■ INFORMATION GIVEN
#####
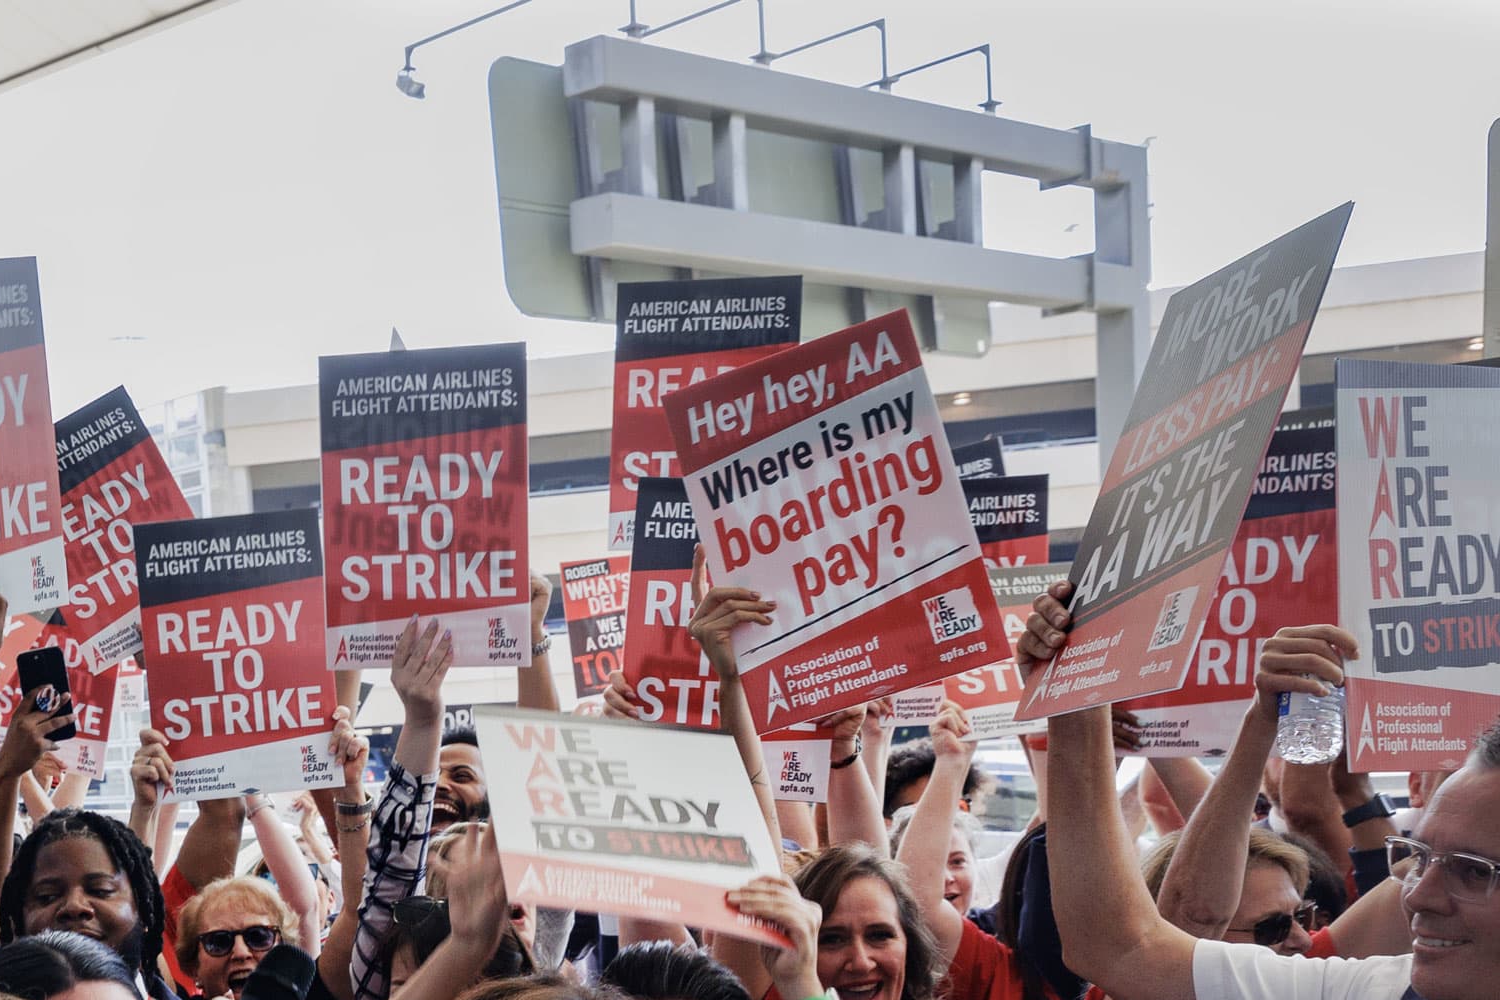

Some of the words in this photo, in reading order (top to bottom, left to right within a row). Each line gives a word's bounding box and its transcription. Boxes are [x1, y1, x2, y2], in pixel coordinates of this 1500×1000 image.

[629, 299, 711, 317] AMERICAN
[714, 296, 786, 313] AIRLINES
[1159, 251, 1268, 367] MORE
[624, 317, 679, 334] FLIGHT
[682, 314, 789, 332] ATTENDANTS:
[1198, 265, 1315, 384] WORK
[337, 374, 428, 396] AMERICAN
[432, 368, 512, 390] AIRLINES
[686, 392, 755, 446] Hey
[766, 363, 837, 415] hey,
[845, 332, 901, 383] AA
[332, 397, 390, 416] FLIGHT
[396, 389, 518, 414] ATTENDANTS:
[1123, 391, 1201, 476] LESS
[1200, 348, 1280, 426] PAY:
[70, 407, 126, 446] AIRLINES
[1358, 396, 1429, 458] WE
[700, 439, 814, 511] Where
[818, 421, 853, 458] is
[861, 390, 915, 441] my
[340, 451, 503, 505] READY
[1108, 462, 1172, 535] IT'S
[1172, 419, 1246, 499] THE
[714, 433, 943, 573] boarding
[970, 494, 1036, 511] AIRLINES
[1369, 457, 1452, 537] ARE
[82, 518, 134, 565] TO
[388, 503, 453, 552] TO
[1068, 534, 1129, 614] AA
[1132, 467, 1242, 578] WAY
[149, 537, 230, 559] AMERICAN
[235, 530, 305, 551] AIRLINES
[146, 561, 202, 578] FLIGHT
[204, 549, 312, 571] ATTENDANTS:
[565, 563, 609, 580] ROBERT,
[793, 505, 906, 616] pay?
[33, 576, 55, 590] READY
[341, 551, 517, 602] STRIKE
[34, 589, 59, 602] apfa.org
[925, 596, 948, 614] WE
[157, 600, 303, 654] READY
[488, 617, 503, 628] WE
[596, 617, 619, 632] WE
[933, 608, 956, 626] ARE
[935, 615, 976, 640] READY
[349, 633, 393, 643] Association
[488, 638, 518, 649] READY
[939, 641, 987, 663] apfa.org
[1060, 638, 1108, 661] Association
[1375, 621, 1414, 657] TO
[488, 650, 522, 661] apfa.org
[783, 647, 862, 678] Association
[865, 636, 880, 652] of
[1054, 651, 1108, 679] Professional
[202, 648, 264, 692] TO
[787, 656, 872, 693] Professional
[1073, 668, 1120, 690] Attendants
[790, 686, 831, 708] Flight
[834, 663, 908, 698] Attendants
[163, 686, 324, 741] STRIKE
[1376, 702, 1436, 717] Association
[1439, 702, 1451, 716] of
[505, 723, 599, 756] WE
[1377, 720, 1442, 733] Professional
[783, 752, 797, 761] WE
[1377, 737, 1407, 752] Flight
[1410, 737, 1467, 751] Attendants
[175, 769, 215, 777] Association
[175, 775, 219, 785] Professional
[302, 763, 328, 772] READY
[303, 773, 332, 783] apfa.org
[526, 751, 636, 789] ARE
[781, 771, 811, 781] READY
[198, 782, 236, 792] Attendants
[780, 783, 814, 794] apfa.org
[526, 786, 720, 829] READY
[539, 825, 594, 849] TO
[607, 831, 749, 863] STRIKE
#####
If an entry contains an image, print the rest of that entry exactly and leave the image out.

Some of the words in this photo, in reading order (top to bottom, left to right within a row). Each line gives a word's bounding box and its transcription. Boxes are [x1, y1, x2, y2], in pixel coordinates of this 1500×1000 image.

[629, 299, 711, 317] AMERICAN
[714, 296, 786, 313] AIRLINES
[1159, 251, 1268, 367] MORE
[624, 317, 679, 334] FLIGHT
[682, 314, 789, 332] ATTENDANTS:
[1198, 265, 1315, 384] WORK
[337, 374, 428, 396] AMERICAN
[432, 368, 512, 390] AIRLINES
[686, 392, 755, 446] Hey
[766, 363, 837, 415] hey,
[845, 332, 901, 383] AA
[332, 397, 390, 416] FLIGHT
[396, 389, 518, 414] ATTENDANTS:
[1123, 391, 1201, 476] LESS
[1200, 348, 1280, 426] PAY:
[70, 407, 126, 446] AIRLINES
[1358, 396, 1429, 458] WE
[700, 439, 814, 511] Where
[818, 421, 853, 458] is
[861, 390, 915, 441] my
[340, 451, 503, 505] READY
[1108, 462, 1172, 535] IT'S
[1172, 419, 1246, 499] THE
[714, 433, 943, 573] boarding
[970, 494, 1036, 511] AIRLINES
[1369, 457, 1452, 537] ARE
[82, 518, 134, 565] TO
[388, 503, 453, 552] TO
[1068, 534, 1129, 614] AA
[1132, 467, 1242, 578] WAY
[149, 537, 230, 559] AMERICAN
[235, 530, 305, 551] AIRLINES
[146, 561, 202, 578] FLIGHT
[204, 549, 312, 571] ATTENDANTS:
[565, 563, 609, 580] ROBERT,
[793, 505, 906, 616] pay?
[33, 576, 55, 590] READY
[341, 551, 517, 602] STRIKE
[34, 589, 59, 602] apfa.org
[925, 596, 948, 614] WE
[157, 600, 303, 654] READY
[488, 617, 503, 628] WE
[596, 617, 619, 632] WE
[933, 608, 956, 626] ARE
[935, 615, 976, 640] READY
[349, 633, 393, 643] Association
[488, 638, 518, 649] READY
[939, 641, 987, 663] apfa.org
[1060, 638, 1108, 661] Association
[1375, 621, 1414, 657] TO
[488, 650, 522, 661] apfa.org
[783, 647, 862, 678] Association
[865, 636, 880, 652] of
[1054, 651, 1108, 679] Professional
[202, 648, 264, 692] TO
[787, 656, 872, 693] Professional
[1073, 668, 1120, 690] Attendants
[790, 686, 831, 708] Flight
[834, 663, 908, 698] Attendants
[163, 686, 324, 741] STRIKE
[1376, 702, 1436, 717] Association
[1439, 702, 1451, 716] of
[505, 723, 599, 756] WE
[1377, 720, 1442, 733] Professional
[783, 752, 797, 761] WE
[1377, 737, 1407, 752] Flight
[1410, 737, 1467, 751] Attendants
[175, 769, 215, 777] Association
[175, 775, 219, 785] Professional
[302, 763, 328, 772] READY
[303, 773, 332, 783] apfa.org
[526, 751, 636, 789] ARE
[781, 771, 811, 781] READY
[198, 782, 236, 792] Attendants
[780, 783, 814, 794] apfa.org
[526, 786, 720, 829] READY
[539, 825, 594, 849] TO
[607, 831, 749, 863] STRIKE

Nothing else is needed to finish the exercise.